## EXERCISE OBJECTIVE
An exact copy of all the data is the required output.

## SOURCE MATERIAL
╭──

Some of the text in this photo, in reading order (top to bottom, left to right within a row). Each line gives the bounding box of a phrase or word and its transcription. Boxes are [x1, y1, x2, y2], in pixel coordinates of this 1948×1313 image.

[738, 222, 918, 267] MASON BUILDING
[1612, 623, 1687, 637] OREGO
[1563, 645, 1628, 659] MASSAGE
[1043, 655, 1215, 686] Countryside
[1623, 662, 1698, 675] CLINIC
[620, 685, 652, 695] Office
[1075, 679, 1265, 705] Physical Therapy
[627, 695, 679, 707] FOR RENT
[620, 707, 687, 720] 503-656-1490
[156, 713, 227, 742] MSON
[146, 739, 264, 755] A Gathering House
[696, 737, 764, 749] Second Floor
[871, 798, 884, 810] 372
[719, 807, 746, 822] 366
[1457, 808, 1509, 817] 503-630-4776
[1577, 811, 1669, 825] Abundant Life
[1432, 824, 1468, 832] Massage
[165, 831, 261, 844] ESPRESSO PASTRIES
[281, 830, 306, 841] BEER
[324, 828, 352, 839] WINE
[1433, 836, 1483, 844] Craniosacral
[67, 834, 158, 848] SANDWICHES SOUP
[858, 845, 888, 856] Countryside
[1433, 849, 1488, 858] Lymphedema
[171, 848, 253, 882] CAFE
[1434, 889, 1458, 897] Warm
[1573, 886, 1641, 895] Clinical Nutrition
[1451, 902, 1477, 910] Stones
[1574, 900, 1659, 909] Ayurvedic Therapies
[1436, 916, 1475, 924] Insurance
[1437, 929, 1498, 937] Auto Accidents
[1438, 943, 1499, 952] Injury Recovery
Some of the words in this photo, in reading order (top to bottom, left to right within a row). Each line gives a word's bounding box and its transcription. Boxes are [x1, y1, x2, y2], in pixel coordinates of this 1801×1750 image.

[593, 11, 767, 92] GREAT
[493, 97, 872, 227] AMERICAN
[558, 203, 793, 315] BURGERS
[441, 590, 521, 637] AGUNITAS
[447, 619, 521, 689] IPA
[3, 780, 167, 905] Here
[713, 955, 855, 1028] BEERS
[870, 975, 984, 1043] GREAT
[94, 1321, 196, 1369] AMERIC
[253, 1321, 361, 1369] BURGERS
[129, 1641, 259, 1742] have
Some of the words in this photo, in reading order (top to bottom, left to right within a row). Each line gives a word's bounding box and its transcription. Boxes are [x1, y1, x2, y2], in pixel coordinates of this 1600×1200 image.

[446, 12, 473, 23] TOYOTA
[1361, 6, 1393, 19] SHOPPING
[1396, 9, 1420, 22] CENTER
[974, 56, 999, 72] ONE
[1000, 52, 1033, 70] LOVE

╰──

## RESPONSE TO THIS TASK
Some of the text in this photo, in reading order (top to bottom, left to right within a row). Each line gives the bounding box of a phrase or word and its transcription. Boxes are [x1, y1, x2, y2], in pixel coordinates of this 1948×1313 image.

[738, 222, 918, 267] MASON BUILDING
[1612, 623, 1687, 637] OREGO
[1563, 645, 1628, 659] MASSAGE
[1043, 655, 1215, 686] Countryside
[1623, 662, 1698, 675] CLINIC
[620, 685, 652, 695] Office
[1075, 679, 1265, 705] Physical Therapy
[627, 695, 679, 707] FOR RENT
[620, 707, 687, 720] 503-656-1490
[156, 713, 227, 742] MSON
[146, 739, 264, 755] A Gathering House
[696, 737, 764, 749] Second Floor
[871, 798, 884, 810] 372
[719, 807, 746, 822] 366
[1457, 808, 1509, 817] 503-630-4776
[1577, 811, 1669, 825] Abundant Life
[1432, 824, 1468, 832] Massage
[165, 831, 261, 844] ESPRESSO PASTRIES
[281, 830, 306, 841] BEER
[324, 828, 352, 839] WINE
[1433, 836, 1483, 844] Craniosacral
[67, 834, 158, 848] SANDWICHES SOUP
[858, 845, 888, 856] Countryside
[1433, 849, 1488, 858] Lymphedema
[171, 848, 253, 882] CAFE
[1434, 889, 1458, 897] Warm
[1573, 886, 1641, 895] Clinical Nutrition
[1451, 902, 1477, 910] Stones
[1574, 900, 1659, 909] Ayurvedic Therapies
[1436, 916, 1475, 924] Insurance
[1437, 929, 1498, 937] Auto Accidents
[1438, 943, 1499, 952] Injury Recovery
Some of the words in this photo, in reading order (top to bottom, left to right within a row). Each line gives a word's bounding box and its transcription. Boxes are [x1, y1, x2, y2], in pixel coordinates of this 1801×1750 image.

[593, 11, 767, 92] GREAT
[493, 97, 872, 227] AMERICAN
[558, 203, 793, 315] BURGERS
[441, 590, 521, 637] AGUNITAS
[447, 619, 521, 689] IPA
[3, 780, 167, 905] Here
[713, 955, 855, 1028] BEERS
[870, 975, 984, 1043] GREAT
[94, 1321, 196, 1369] AMERIC
[253, 1321, 361, 1369] BURGERS
[129, 1641, 259, 1742] have
Some of the words in this photo, in reading order (top to bottom, left to right within a row). Each line gives a word's bounding box and its transcription. Boxes are [x1, y1, x2, y2], in pixel coordinates of this 1600×1200 image.

[446, 12, 473, 23] TOYOTA
[1361, 6, 1393, 19] SHOPPING
[1396, 9, 1420, 22] CENTER
[974, 56, 999, 72] ONE
[1000, 52, 1033, 70] LOVE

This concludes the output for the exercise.